:: DATA SHOWN ::
==========

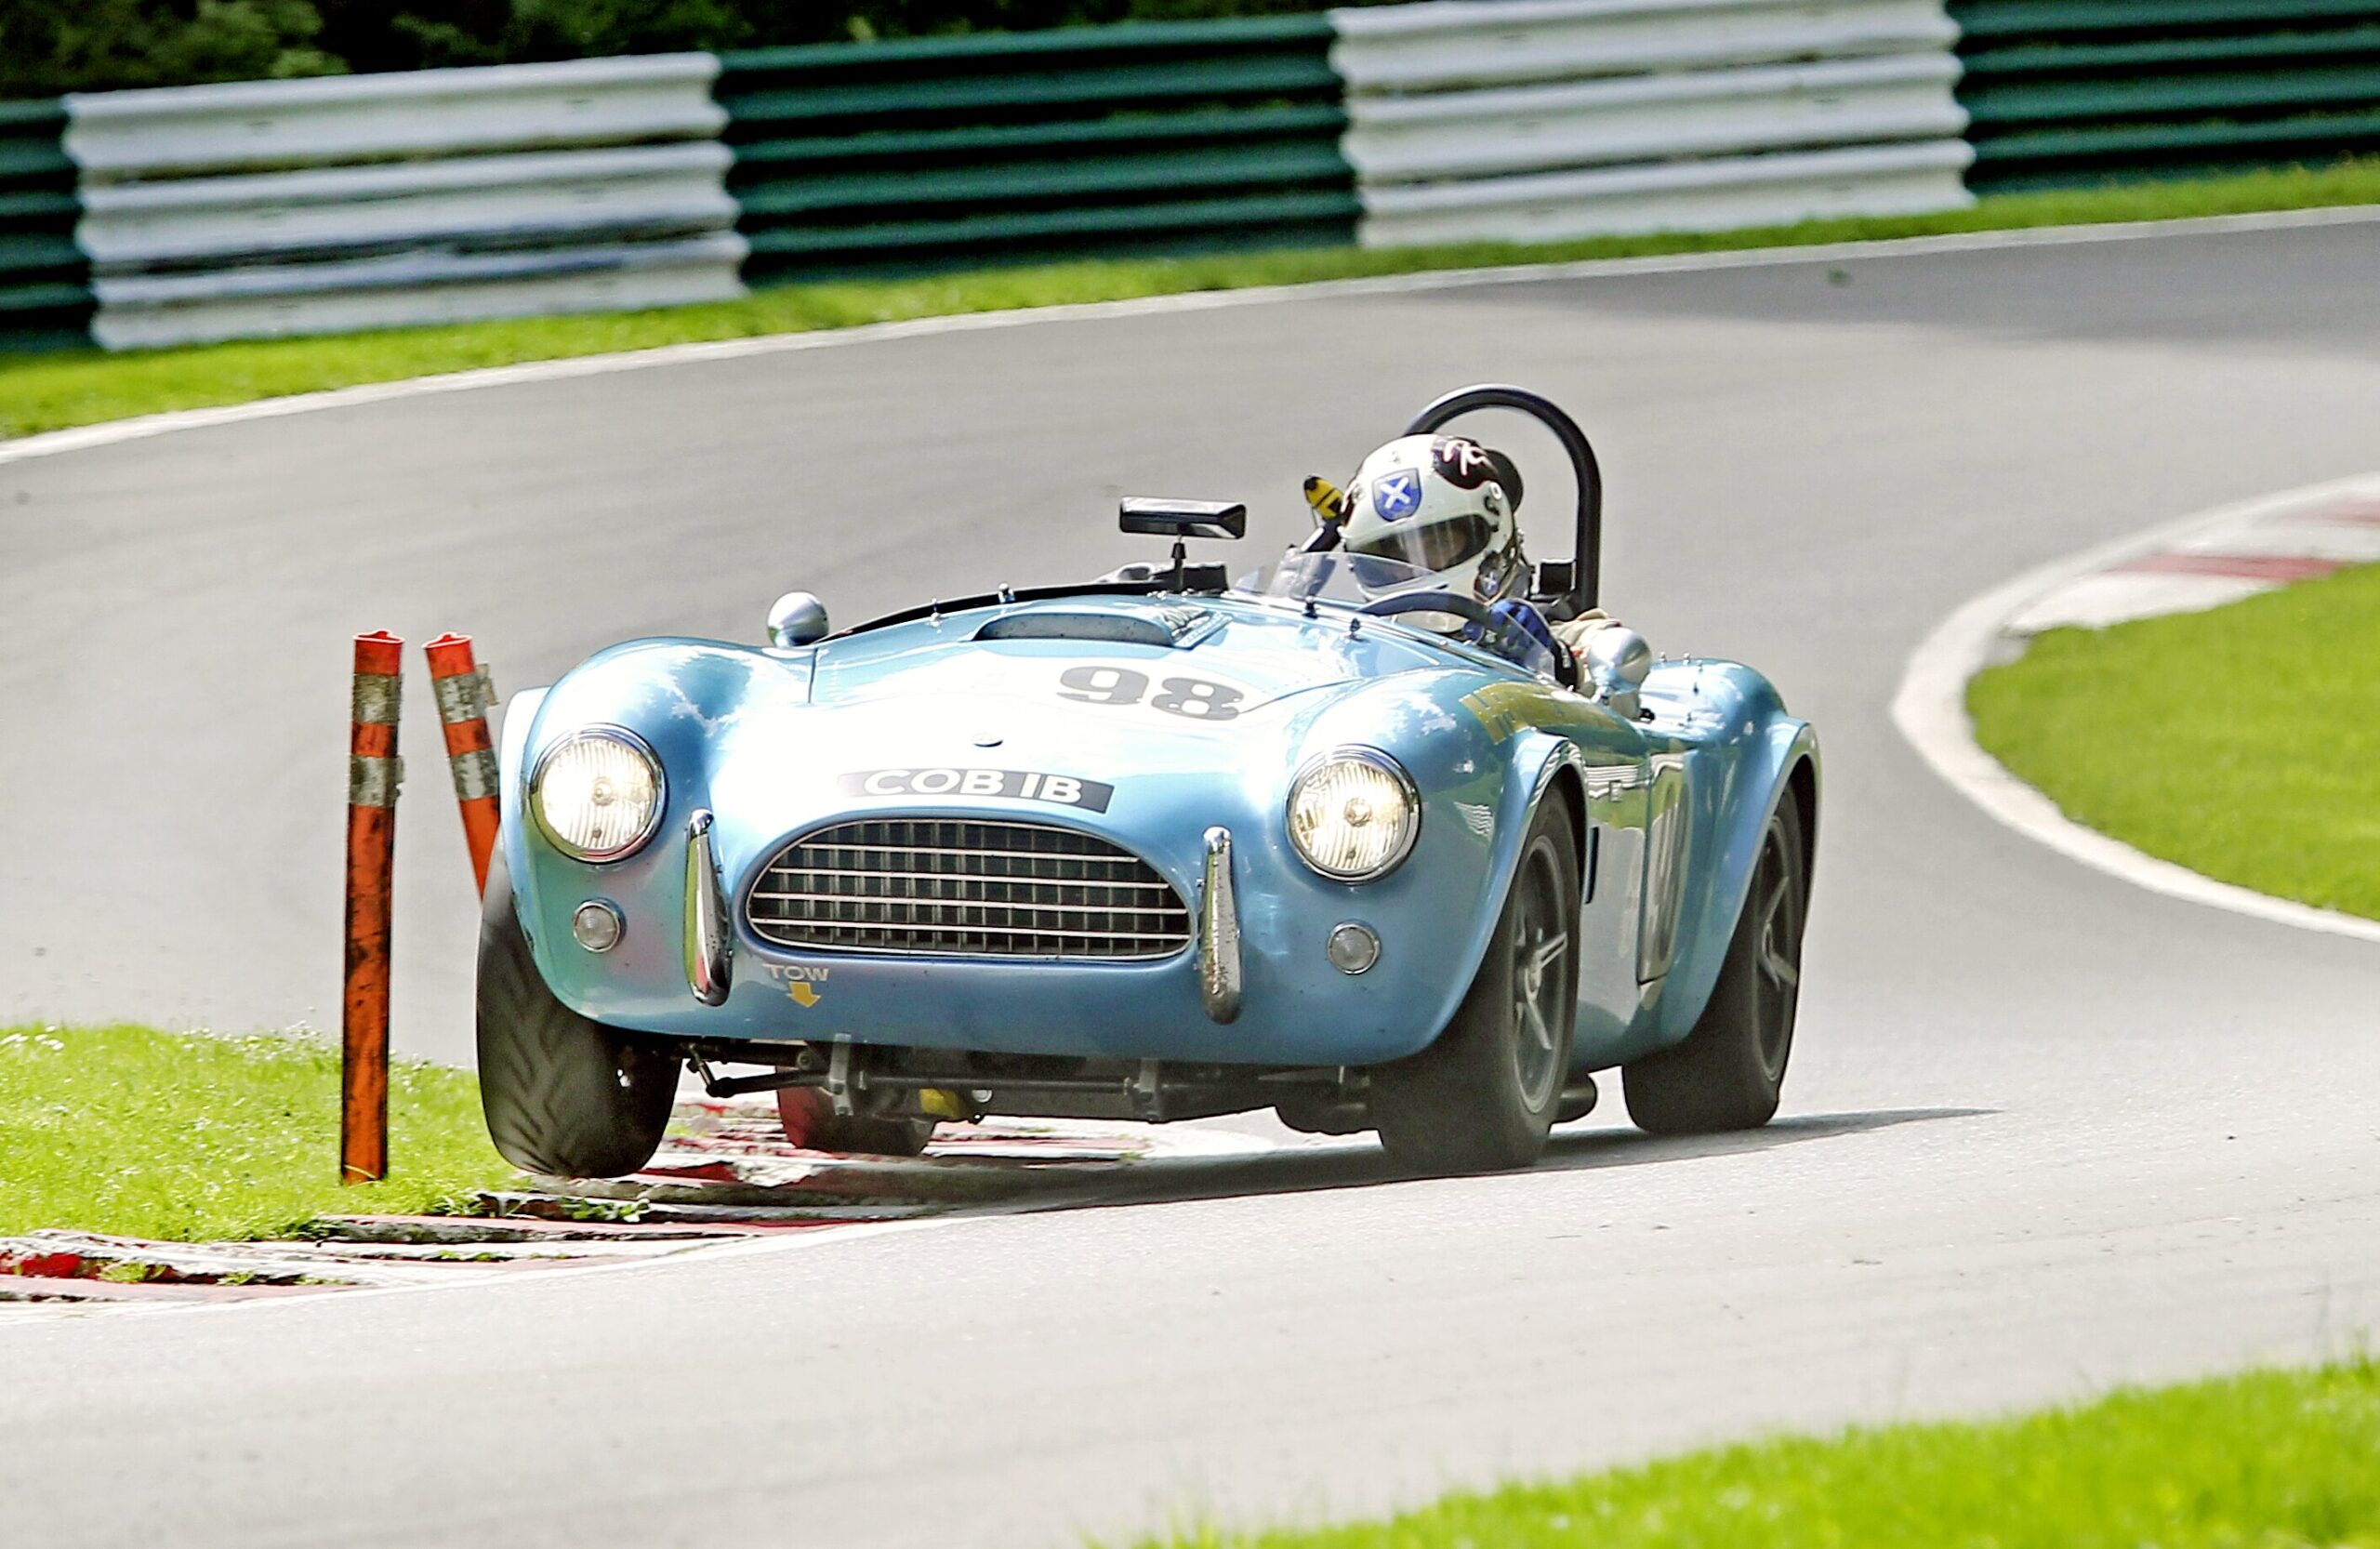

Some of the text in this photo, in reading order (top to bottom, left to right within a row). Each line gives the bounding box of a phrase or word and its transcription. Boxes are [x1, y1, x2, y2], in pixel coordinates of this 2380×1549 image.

[1055, 666, 1245, 722] 98
[863, 768, 1005, 795] COB
[761, 963, 829, 982] TOW
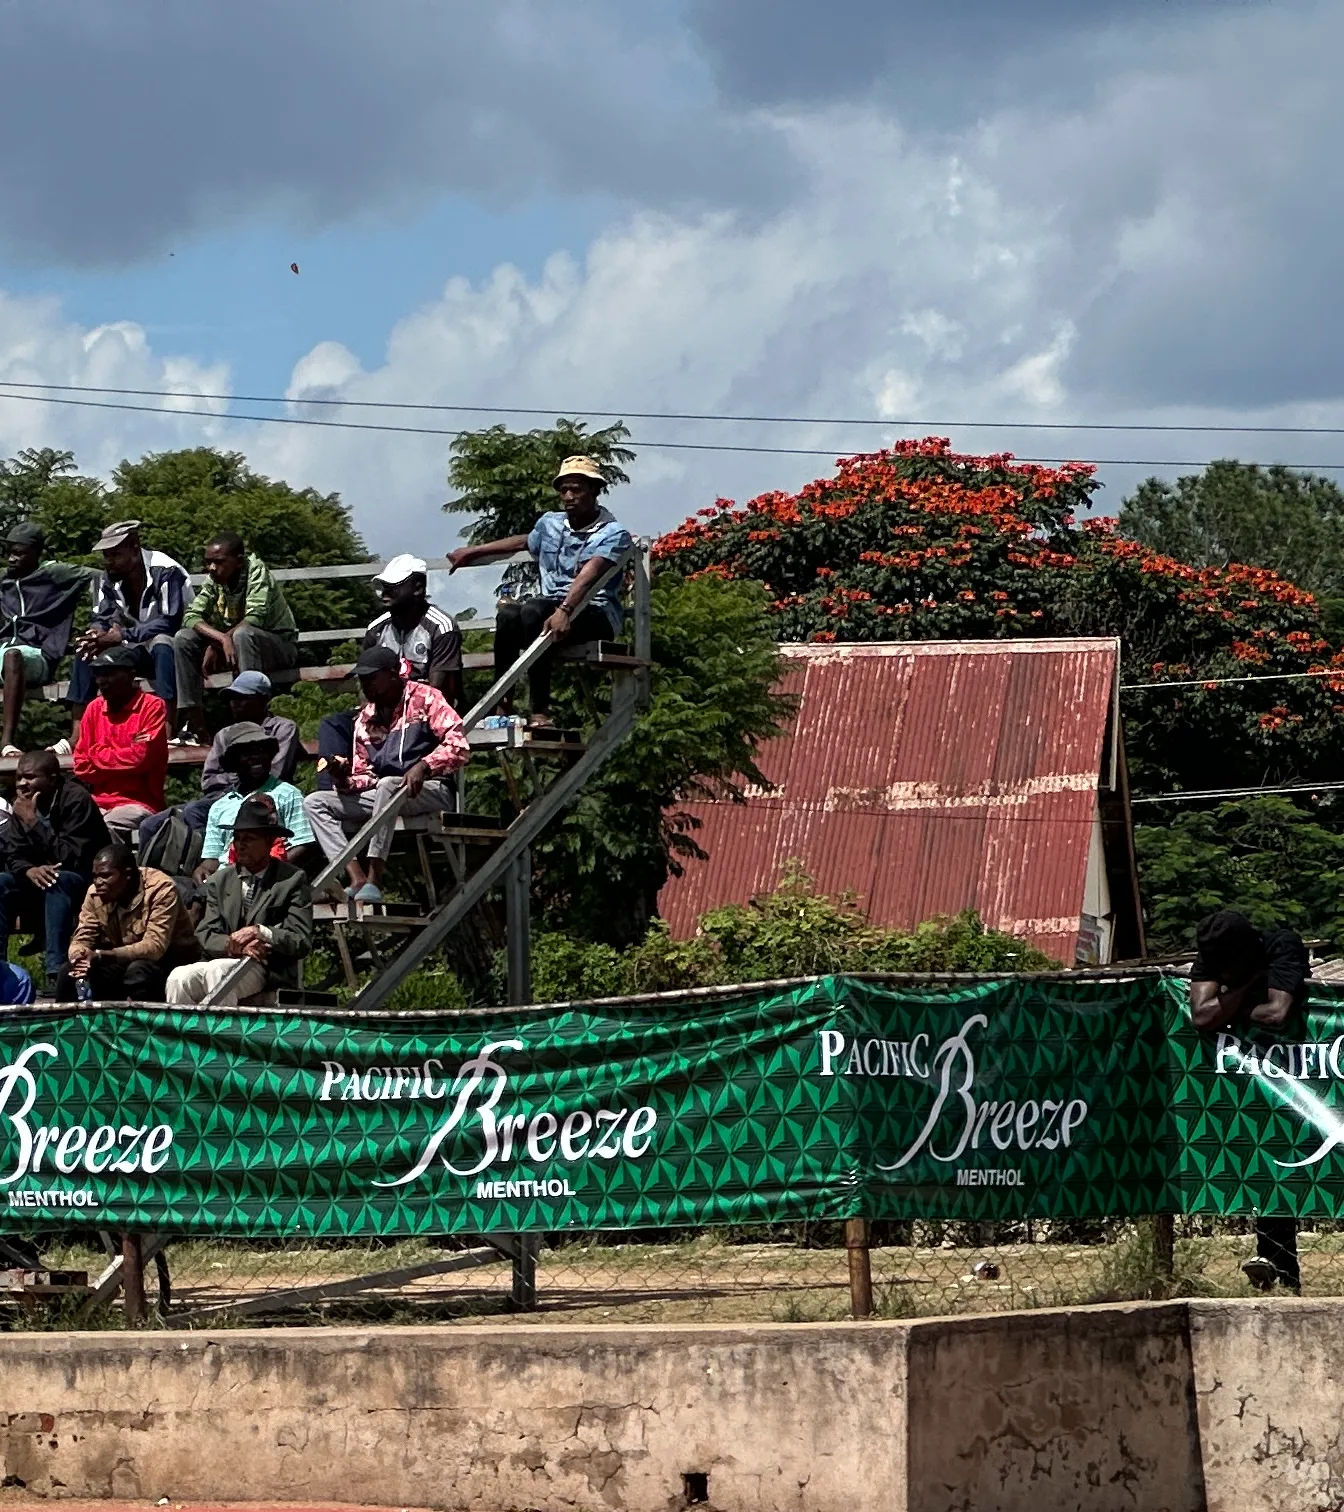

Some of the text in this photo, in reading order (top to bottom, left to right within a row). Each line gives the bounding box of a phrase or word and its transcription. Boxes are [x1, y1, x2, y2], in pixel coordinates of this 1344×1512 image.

==========

:: WHAT YOU NEED TO DO ::
Retype every entry exactly, but keep the pictures out of your copy.

:: EXERCISE RESULT ::
Some of the text in this photo, in reading order (top to bottom, left to right within a row). Each line gives the bounding box of a phrase or word and its transcription. Boxes are [x1, y1, x2, y2], in pixel coordinates of this 2380×1549 image.

[1055, 666, 1245, 722] 98
[863, 768, 1005, 795] COB
[761, 963, 829, 982] TOW

Some of the text in this photo, in reading order (top to bottom, left to right within a row). Each line gives the bounding box of a phrase or word and its transcription. Boxes are [x1, y1, x2, y2], in pixel coordinates of this 1344×1512 image.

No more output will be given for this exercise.